Scarcity, Excess and Abundance

Professor Andrew Abbott gave last year an awesome lecture at the London School of Economics. Abbott argued that while many of today’s problems seem to arise from scarcity – the lack of resources, such as food or money –, in fact many of our problems are quite the opposite: problems of excess.

Scarcity means that we do not have enough to get by. Excess means that we have too much, and that somehow distracts us. There is a third quantity, abundance, which means we have enough of a resource not to be troubled by it.

I suppose nobody can argue against abundance. In fact, this should probably be the goal of the human race: how to distribute resources so that they are abundant for every person on the planet. But in aiming for abundance, we have at several places erred on the side of excess.

Western countries already have a huge excess of food. This creates the weird global paradox: half of the world is starving to death, the other half eating themselves to death.

We also have an excess of unwanted byproducts of our culture, such as pollution. Chinese factories, or Fukushima, have produced an excess of such material that we are troubled by.

But what is the most pressing problem with the advance and constantly accelerating development of technology is the excess of information. We are bombarded to death with information, while our conscious minds can only process about three or four things at a time.
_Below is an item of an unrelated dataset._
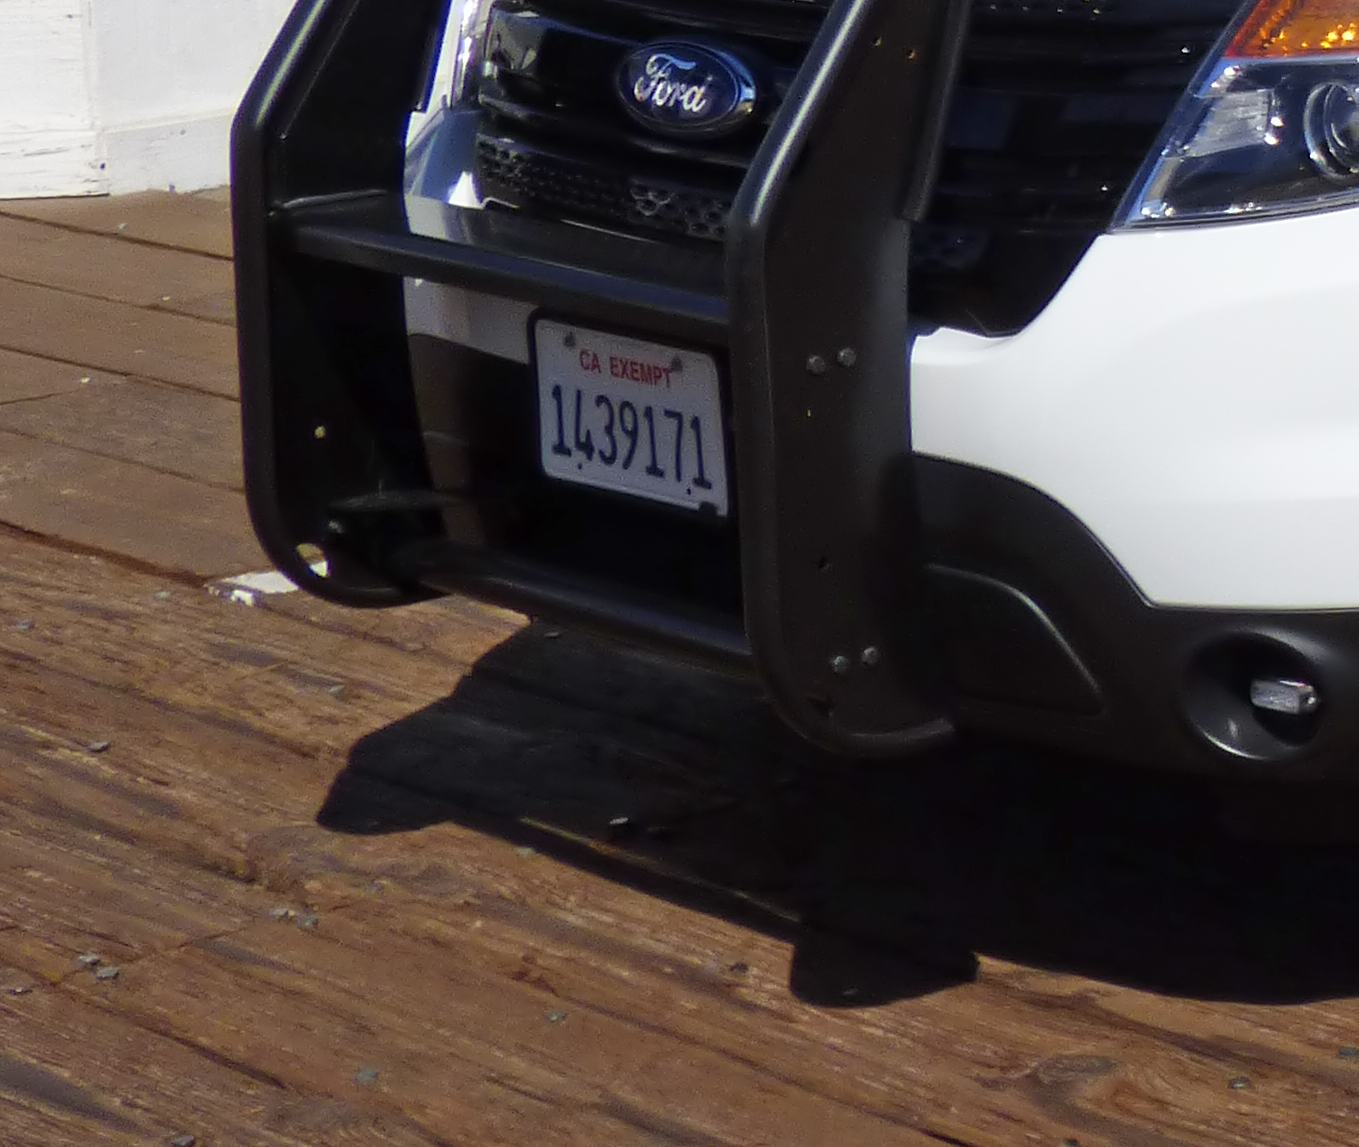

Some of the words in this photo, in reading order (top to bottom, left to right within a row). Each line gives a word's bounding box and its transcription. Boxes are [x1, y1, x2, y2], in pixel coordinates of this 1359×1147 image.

[633, 53, 714, 114] Ford
[579, 350, 601, 374] CA
[609, 355, 674, 388] EXEMPT
[552, 384, 712, 490] 1439171
Yet a few decades ago, areas of life such as research and product development suffered from a scarcity of information. Sometimes you had to go to the other side of the world to get the information you wanted. I remember contacting the British Library to photocopy and fax me a research paper I could not find anywhere else in the world.

Now it’s all online, and the problem is the opposite. We have now an excess of information, and discovering the information that you need right now is sometimes even harder than before.

The solution to the problem of excess is focus. Focus on the essential; on what really counts at each given moment.

We need to focus on what we eat – that we get the nutrients that we really need, and not let our lizard brain guide us to chomping up on calories that serve no purpose in our daily lives.

We need to focus on what to produce – that we get hardware that we really need and not let our need to placate our stressed selves send us into a spending spree, cramming our houses full of useless clutter.

And we need to focus on what we really need to know. To zone in on those pieces of information that really count – and ignore the rest.

The problem is, all this is easier said than done. Everybody knows we should eat less than we consume. Yet almost nobody does this.

This is why we need tools.

For balancing diets, the wearable tech revolution that we are witnessing right now may for the first time give us a universal toolkit for managing dietary inputs and outputs. Check out, for example, the amazing lineup from Fitbit to see where we’re at right now.

For consuming, algorithms employed by e.g. Amazon help us zoom in better on what really makes us feel great and consume more of that stuff, as compared to picking up whatever’s stocked on the store shelves.

As for cognition, services such as Simplenote or Any.do help us really focus better on what’s going on in our everyday lives, not to speak of Google, whose search algorithms are getting more amazing by the day.

There is a really cool passage in the Sherlock Holmes short story “Five Orange Pips”, where Sherlock tells Watson: “a man should keep his little brain-attic stocked with all the furniture that he is likely to use, and the rest he can put away in the lumber-room of his library, where he can get it if he wants it.”

So should we. In suffering with the daily excess of information, we should eliminate those sources of information and interruptions that do not serve a real function, and focus on the ones that do.

Turn off email notifications.

Unfollow newsletters.

Sort out your Facebook newsfeed.

And get your hands on the best tools out there.

While excess may be as bad a source of illbeing as scarcity, it has one upside going for it.

If we cut down from excess, we will eventually end up with abundance.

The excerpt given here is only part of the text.